*AIM OF THE EXERCISE*
Would you please give the entries again word for word, with no images in your copy?

*** SUPPLIED MATERIAL Section Begins ***

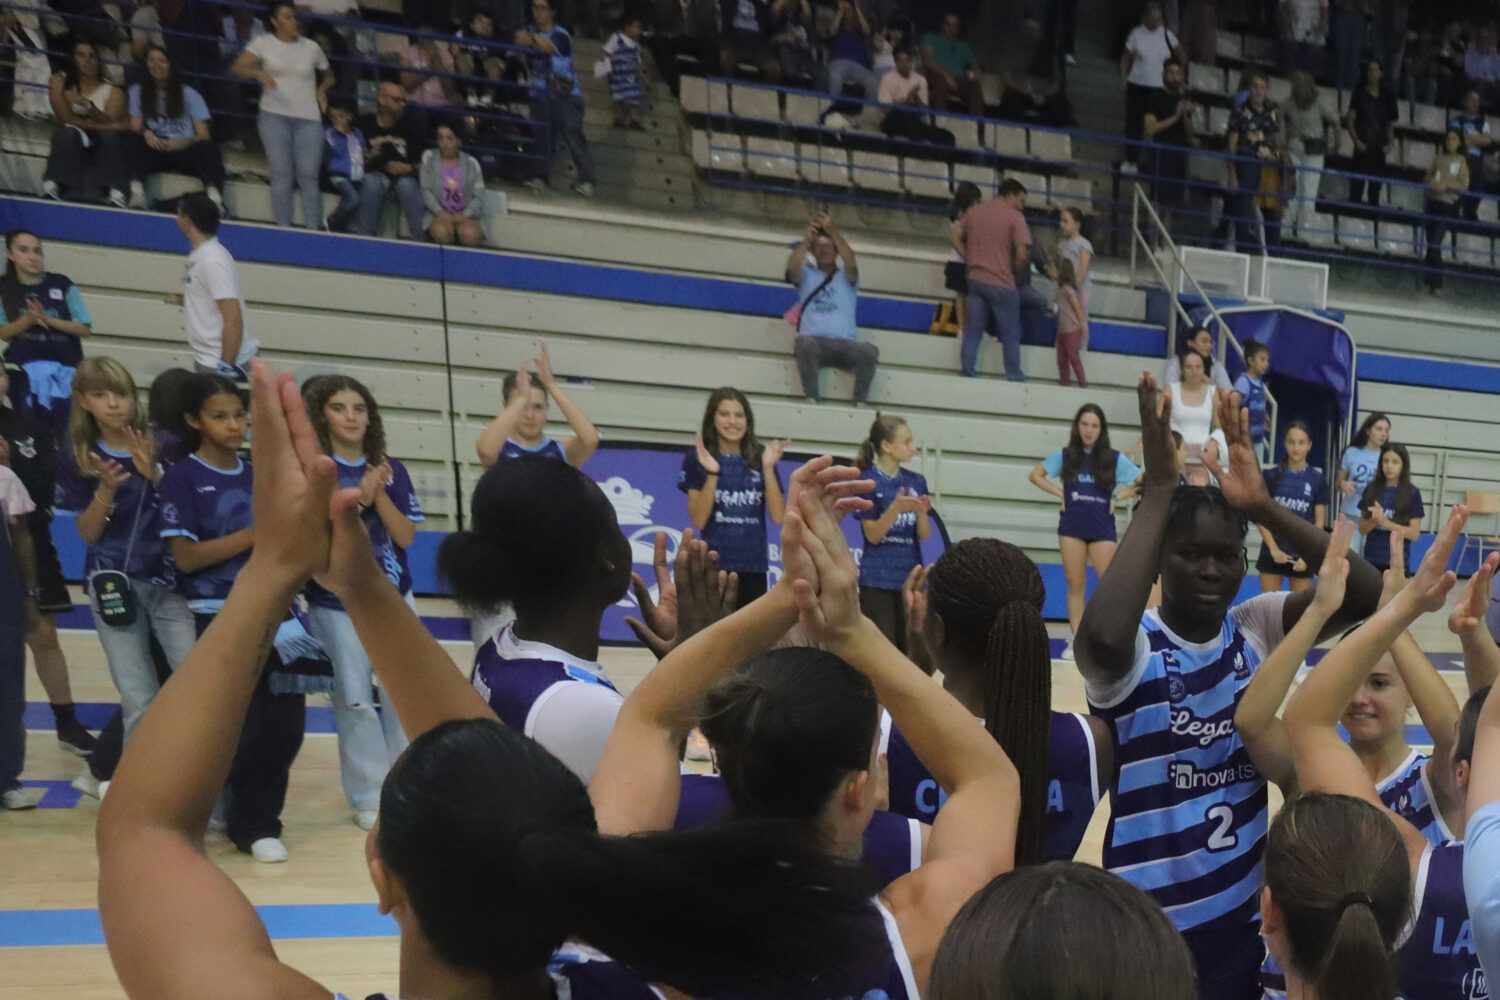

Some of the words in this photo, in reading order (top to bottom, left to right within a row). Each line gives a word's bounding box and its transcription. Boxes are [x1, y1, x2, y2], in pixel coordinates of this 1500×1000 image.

[1170, 710, 1234, 746] Lega
[1192, 763, 1257, 788] nova-ts
[1207, 805, 1236, 850] 2
[1432, 916, 1477, 955] LA

*** SUPPLIED MATERIAL Section Ends ***

*WRITTEN RESPONSE*
Some of the words in this photo, in reading order (top to bottom, left to right within a row). Each line gives a word's bounding box and its transcription. Boxes are [x1, y1, x2, y2], in pixel coordinates of this 1500×1000 image.

[1170, 710, 1234, 746] Lega
[1192, 763, 1257, 788] nova-ts
[1207, 805, 1236, 850] 2
[1432, 916, 1477, 955] LA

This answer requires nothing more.